Inspirou ao Discípulo amado o seguinte: “Deus amou tanto o mundo,
que por ele entregou à morte seu Filho”.
Se
os fiéis, se tu, querida Prisca, amares teu Deus do fundo do
coração, estarás pronta a padecer por Ele os mais cruéis
tormentos, a derramar todo o teu sangue, a perder a vida. Mas
quem não tem este amor em grau heroico, não pode suportar o
Martírio. Porém, o amor não basta, ou antes, sem viva fé, é
impossível haver verdadeiro amor. Deus se conhece pela fé, e quem
não tem conhecimento não pode ter amor, pois este procede da
grandeza, amabilidade do objeto e dos dotes e predicados que nele se
descobrem, e que o fazem digno de amor. Quem ama, deve crer, e crer
perfeitamente tudo que Deus revelou de Si, e não pode então deixar
de estar pronto a selar a fé com o próprio sangue. Minha cara
Prisca, quem pode decidir-se a padecer e perder a vida por uma coisa
desconhecida, incerta, duvidosa?

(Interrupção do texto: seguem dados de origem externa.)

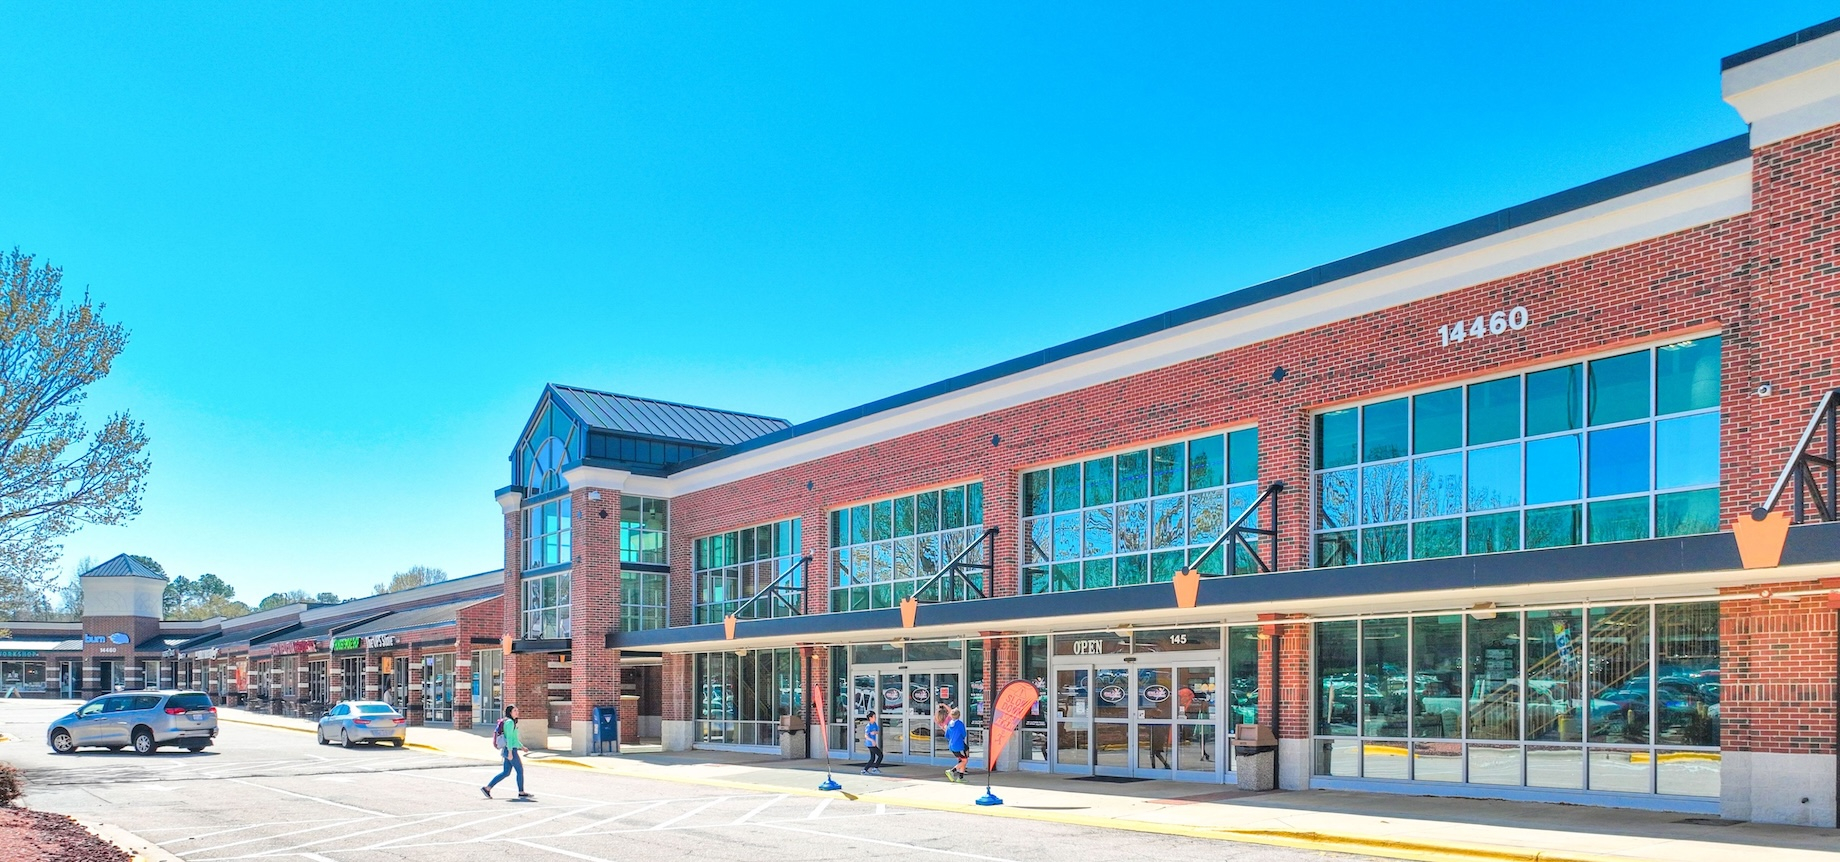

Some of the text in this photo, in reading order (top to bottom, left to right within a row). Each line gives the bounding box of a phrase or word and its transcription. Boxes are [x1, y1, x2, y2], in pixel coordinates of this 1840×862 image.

[1438, 306, 1529, 347] 14460
[1073, 639, 1103, 655] OPEN
[1169, 634, 1187, 644] 145

No tempo mais próximo à
perseguição, deve repetir-se frequentemente o Símbolo da Fé, e
renovar a Deus o protesto de querer viver e morrer nesta crença, e
de estar decidido a perder tudo, até a vida, antes do que
abandoná-la.
É
muito
salutar também a frequente meditação da glória dos Mártires no
Paraíso, e das penas eternas dos apóstatas no Inferno. Se uma
mesquinha grinalda, um arco triunfal, uma ovação, passageiro
triunfo, um pálio, é incentivo para que milhares de homens se
exponham aos riscos da guerra, às lutas dos atletas, à fadiga das
corridas, aos perigos dos torneios, e talvez às feridas e morte, sem
esperança então de alcançar aquele desejado prêmio;
o que não deveremos fazer e padecer nós, para ganhar a excelsa
coroa, palma vitoriosa, esplêndido trono, infinita doçura que Deus
nos concede por toda a eternidade? Nossa alma é naturalmente
inclinada à felicidade, ainda que Deus se limitasse a prometer tão
grande prêmio e honra aos Mártires, bastaria para decidi-los e
atraí-los.
Porém, não só nos apresenta gloriosa recompensa se nos sujeitarmos
ao Martírio, mas nos coloca na alternativa, de a alcançarmos, ou de
sofrermos os mais cruéis tormentos durante a eternidade. Não
há meio termo para quem está no lugar da perseguição.
Não seria loucura a recusa de suportar aqueles tormentos, que duram
o espaço de um relâmpago, embora durem dias, são rápidos, para ir
padecer intensas e eternas angústias?
A
razão e a fé nos decidem a trilhar a vereda que guia ao Céu.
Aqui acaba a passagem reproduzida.